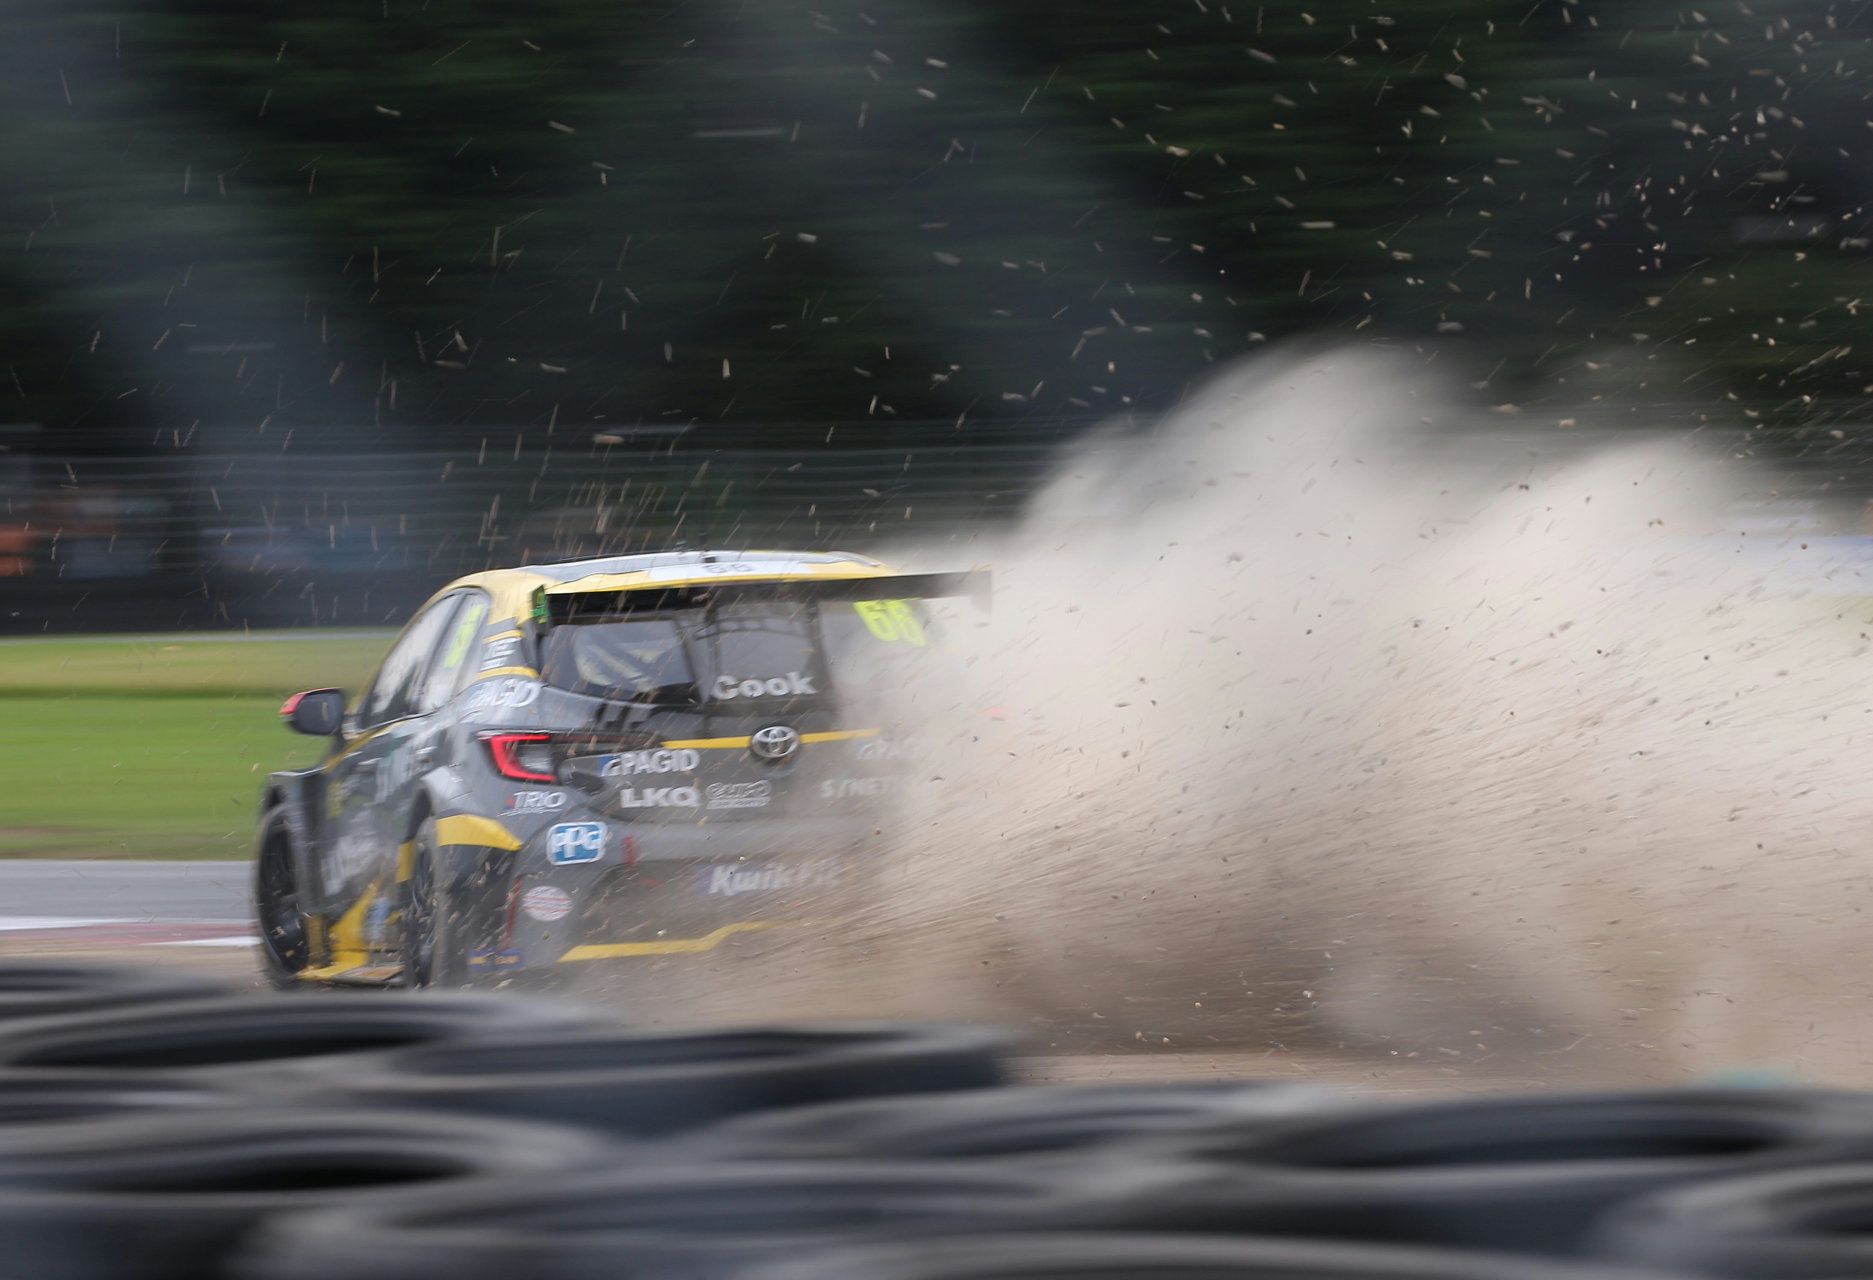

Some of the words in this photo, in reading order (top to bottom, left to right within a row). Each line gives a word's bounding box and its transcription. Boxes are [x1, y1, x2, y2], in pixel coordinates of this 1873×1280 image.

[713, 672, 817, 701] Cook
[620, 749, 701, 775] PAGID
[513, 791, 568, 809] TRIO
[620, 785, 701, 809] LKQ
[550, 826, 604, 858] PPG

GOAL OF THE EXERCISE »
Exact copy, no pictures: set down all the entries again as they stand.

TASK SOLUTION »
Some of the words in this photo, in reading order (top to bottom, left to right within a row). Each line gives a word's bounding box and its transcription. Boxes are [x1, y1, x2, y2], in pixel coordinates of this 1873×1280 image.

[713, 672, 817, 701] Cook
[620, 749, 701, 775] PAGID
[513, 791, 568, 809] TRIO
[620, 785, 701, 809] LKQ
[550, 826, 604, 858] PPG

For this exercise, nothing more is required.